Halocarbons are typically classified in the same ways as the similarly structured organic compounds that have hydrogen atoms occupying the molecular sites of the halogen atoms in halocarbons. Among the chemical families are:
- haloalkanes—compounds with carbon atoms linked by single bonds
- haloalkenes—compounds with one or more double bonds between carbon atoms
- haloaromatics—compounds with carbons linked in one or more aromatic rings with a delocalised donut shaped pi cloud.
The halogen atoms in halocarbon molecules are often called "substituents," as though those atoms had been substituted for hydrogen atoms. However halocarbons are prepared in many ways that do not involve direct substitution of halogens for hydrogens.

== History and context ==
A few halocarbons are produced in massive amounts by microorganisms. For example, several million tons of methyl bromide are estimated to be produced by marine organisms annually. Most of the halocarbons encountered in everyday life – solvents, medicines, plastics – are man-made. The first synthesis of halocarbons was achieved in the early 1800s. Production began accelerating when their useful properties as solvents and anesthetics were discovered. Development of plastics and synthetic elastomers has led to greatly expanded scale of production. A substantial percentage of drugs are halocarbons.

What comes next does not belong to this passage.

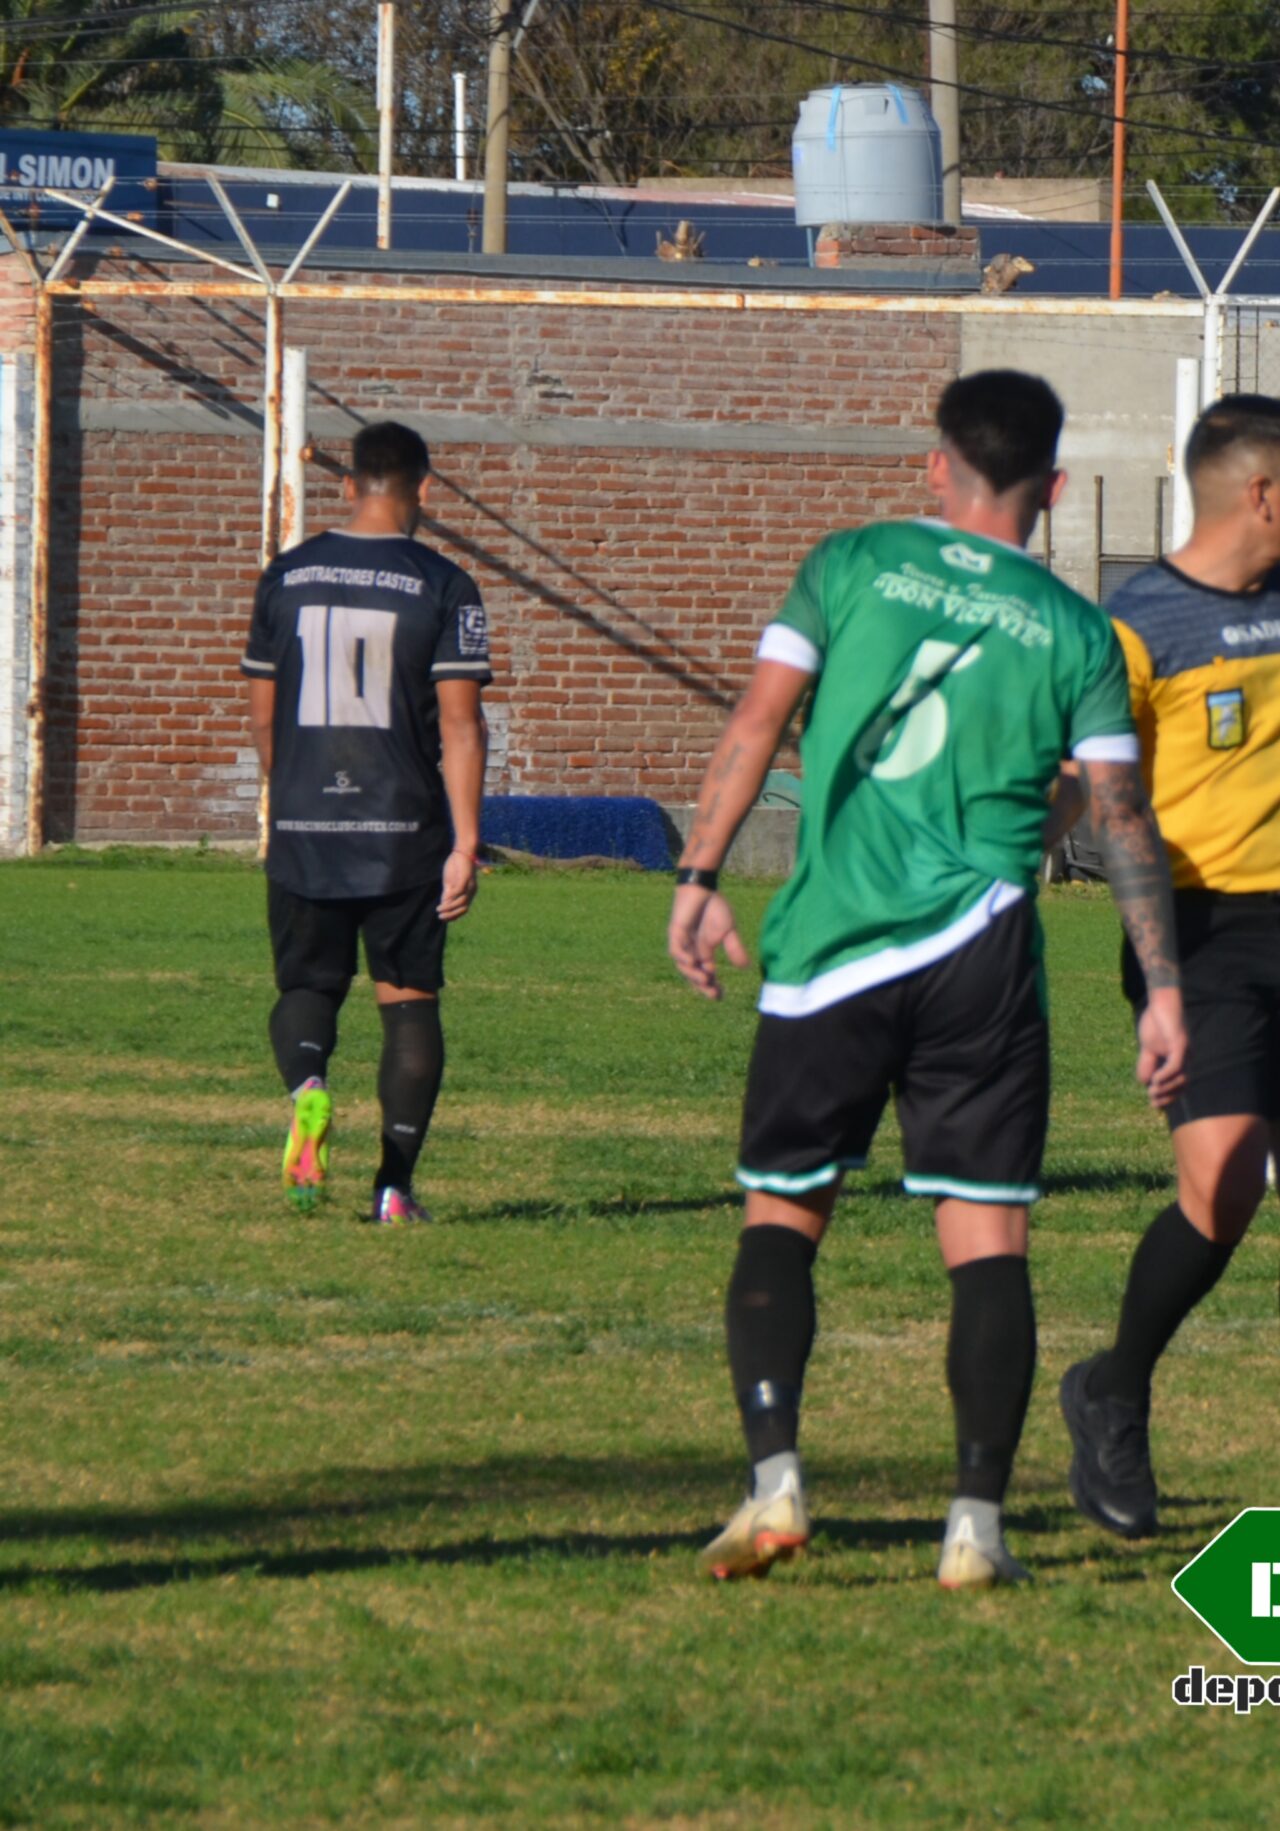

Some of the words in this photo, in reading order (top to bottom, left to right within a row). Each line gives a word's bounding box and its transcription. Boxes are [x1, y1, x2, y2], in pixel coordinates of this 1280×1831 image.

[18, 153, 114, 188] SIMON
[375, 571, 423, 595] CASTEX
[296, 606, 397, 728] 10

=== Natural halocarbons ===
A large amount of the naturally occurring halocarbons, such as dioxins, are created by wood fire and volcanic activity. A third major source is marine algae, which produce several chlorinated methane and ethane containing compounds. Several thousand complex halocarbons are known to be produced mainly by marine species. Although chlorine compounds are the majority of the discovered compounds, bromides, iodides and fluorides have also been found in nature. Tyrian purple is a bromide and is produced by certain sea snails. Thyroxine is secreted by the thyroid gland and is an iodide. The highly toxic fluoroacetate is one of the rare natural organofluorides and is produced by certain plants.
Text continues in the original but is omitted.